Cette page a été validée par deux contributeurs.
120
Les Exploits d’Iberville

la conversation suivante — conversation qui est restée gravée dans mon esprit comme si c’était d’hier — s’engagea entre le marquis et mon père :

— Eh bien ! maître Pierre, dit le marquis, on sera donc toujours braconnier ? Mes gardes m’ont appris qu’hier encore ils vous avaient surpris sur mes terres en flagrant délit.

— Pour l’amour du bon Dieu, peut-on me calomnier jusqu’à ce point, monsieur le marquis.

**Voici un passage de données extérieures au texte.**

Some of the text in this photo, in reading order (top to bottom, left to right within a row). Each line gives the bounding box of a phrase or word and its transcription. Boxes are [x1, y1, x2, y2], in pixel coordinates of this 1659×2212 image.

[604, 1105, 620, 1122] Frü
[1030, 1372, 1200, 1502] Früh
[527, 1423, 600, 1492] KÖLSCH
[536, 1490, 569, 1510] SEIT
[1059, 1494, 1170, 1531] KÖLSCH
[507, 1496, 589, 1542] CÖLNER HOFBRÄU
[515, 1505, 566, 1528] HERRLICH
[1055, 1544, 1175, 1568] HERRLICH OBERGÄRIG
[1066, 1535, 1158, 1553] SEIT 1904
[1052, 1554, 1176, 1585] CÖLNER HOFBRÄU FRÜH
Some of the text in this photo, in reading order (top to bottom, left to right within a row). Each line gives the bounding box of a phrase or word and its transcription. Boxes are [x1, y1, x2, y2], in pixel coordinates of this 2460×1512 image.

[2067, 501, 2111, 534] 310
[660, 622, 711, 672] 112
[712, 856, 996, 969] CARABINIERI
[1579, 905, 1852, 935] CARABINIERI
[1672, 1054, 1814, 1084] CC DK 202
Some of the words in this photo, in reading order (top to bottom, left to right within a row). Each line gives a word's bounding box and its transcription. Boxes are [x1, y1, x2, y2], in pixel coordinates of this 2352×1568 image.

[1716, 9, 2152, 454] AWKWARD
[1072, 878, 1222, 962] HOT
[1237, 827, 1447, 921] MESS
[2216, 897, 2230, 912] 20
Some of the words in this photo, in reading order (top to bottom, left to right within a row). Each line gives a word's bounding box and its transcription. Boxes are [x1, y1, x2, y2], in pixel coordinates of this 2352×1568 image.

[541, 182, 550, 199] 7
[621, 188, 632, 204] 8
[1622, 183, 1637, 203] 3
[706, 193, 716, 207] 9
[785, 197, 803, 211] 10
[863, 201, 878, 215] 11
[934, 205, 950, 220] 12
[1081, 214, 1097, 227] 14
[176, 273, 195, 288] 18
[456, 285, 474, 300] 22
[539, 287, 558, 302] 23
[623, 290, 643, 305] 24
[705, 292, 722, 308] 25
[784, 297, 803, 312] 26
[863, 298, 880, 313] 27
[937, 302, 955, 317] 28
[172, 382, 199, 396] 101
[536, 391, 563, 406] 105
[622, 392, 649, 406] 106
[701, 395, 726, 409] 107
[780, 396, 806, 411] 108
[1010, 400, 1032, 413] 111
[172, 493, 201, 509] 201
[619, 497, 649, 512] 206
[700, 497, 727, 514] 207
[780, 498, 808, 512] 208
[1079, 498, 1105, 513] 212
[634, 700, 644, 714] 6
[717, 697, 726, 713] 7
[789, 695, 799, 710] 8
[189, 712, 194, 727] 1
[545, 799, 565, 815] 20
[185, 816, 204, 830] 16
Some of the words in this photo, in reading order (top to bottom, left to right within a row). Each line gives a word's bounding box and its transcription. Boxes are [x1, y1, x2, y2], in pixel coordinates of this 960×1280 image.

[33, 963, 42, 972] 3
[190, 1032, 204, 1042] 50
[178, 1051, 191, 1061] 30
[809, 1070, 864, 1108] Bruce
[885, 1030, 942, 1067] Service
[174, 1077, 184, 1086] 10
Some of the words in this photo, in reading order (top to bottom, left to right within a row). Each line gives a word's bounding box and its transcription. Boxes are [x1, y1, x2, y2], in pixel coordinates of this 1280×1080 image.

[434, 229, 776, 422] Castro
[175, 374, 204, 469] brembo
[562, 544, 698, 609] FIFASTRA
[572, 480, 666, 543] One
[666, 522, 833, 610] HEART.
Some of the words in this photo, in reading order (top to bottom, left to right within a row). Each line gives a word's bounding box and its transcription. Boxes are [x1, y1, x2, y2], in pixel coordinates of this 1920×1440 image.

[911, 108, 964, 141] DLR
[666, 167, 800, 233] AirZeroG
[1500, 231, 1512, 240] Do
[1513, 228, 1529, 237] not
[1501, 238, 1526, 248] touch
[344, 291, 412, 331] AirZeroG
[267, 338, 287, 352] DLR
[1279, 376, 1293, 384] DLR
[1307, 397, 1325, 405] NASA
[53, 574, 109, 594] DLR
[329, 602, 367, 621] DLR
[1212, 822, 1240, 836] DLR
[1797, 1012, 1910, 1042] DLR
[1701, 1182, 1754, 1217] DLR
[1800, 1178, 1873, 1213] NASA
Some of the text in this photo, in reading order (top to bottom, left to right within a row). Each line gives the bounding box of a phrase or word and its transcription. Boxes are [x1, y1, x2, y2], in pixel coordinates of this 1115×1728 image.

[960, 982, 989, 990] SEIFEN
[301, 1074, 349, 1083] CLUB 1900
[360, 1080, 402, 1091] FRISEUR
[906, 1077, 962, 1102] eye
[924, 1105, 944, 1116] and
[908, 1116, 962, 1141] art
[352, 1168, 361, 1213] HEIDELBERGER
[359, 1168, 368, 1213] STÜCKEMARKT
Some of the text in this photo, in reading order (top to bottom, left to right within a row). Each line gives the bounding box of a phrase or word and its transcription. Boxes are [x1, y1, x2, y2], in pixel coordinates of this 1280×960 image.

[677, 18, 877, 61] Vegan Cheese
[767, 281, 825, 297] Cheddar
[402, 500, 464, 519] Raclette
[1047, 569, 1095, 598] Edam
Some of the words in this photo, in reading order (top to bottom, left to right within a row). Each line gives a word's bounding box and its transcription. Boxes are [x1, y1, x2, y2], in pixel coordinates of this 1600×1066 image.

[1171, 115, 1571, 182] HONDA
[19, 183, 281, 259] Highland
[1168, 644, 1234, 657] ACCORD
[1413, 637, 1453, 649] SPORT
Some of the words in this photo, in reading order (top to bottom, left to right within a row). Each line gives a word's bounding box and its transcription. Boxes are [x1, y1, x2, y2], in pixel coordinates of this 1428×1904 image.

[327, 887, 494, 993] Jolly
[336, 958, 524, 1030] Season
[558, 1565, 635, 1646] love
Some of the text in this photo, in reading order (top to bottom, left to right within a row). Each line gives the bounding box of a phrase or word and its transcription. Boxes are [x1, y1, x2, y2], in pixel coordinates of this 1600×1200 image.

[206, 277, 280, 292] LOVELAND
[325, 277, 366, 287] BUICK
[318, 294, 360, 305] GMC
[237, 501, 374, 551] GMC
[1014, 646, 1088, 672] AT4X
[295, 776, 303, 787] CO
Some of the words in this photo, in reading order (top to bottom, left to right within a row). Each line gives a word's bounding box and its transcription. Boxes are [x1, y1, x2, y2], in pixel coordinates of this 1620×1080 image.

— Passe encore pour cette fois, maître Pierre ; mais je vous avertis que ce sera la dernière.

— Je vous jure…

— Assez, maître Pierre ; aussi bien c’est un autre motif qui m’a fait vous appeler par votre femme au château.

— Je vous écoute de mes deux oreilles, monsieur le marquis.

— Bien. Approchez, mon enfant, fit-il en m’invitant du geste et du sourire.

« Confondu, intimidé de me voir dans ce beau salon et en présence de ce personnage imposant, j’obéis à l’intimation cependant, un peu aidé du reste par le regard sévère de mon père.

— Savez-vous, continua le marquis, en me posant la main sur la tête, que votre enfant, maître Pierre, m’a sauvé la vie ?

— Ma femme m’a dit quelque chose comme cela, et je bénis le hasard…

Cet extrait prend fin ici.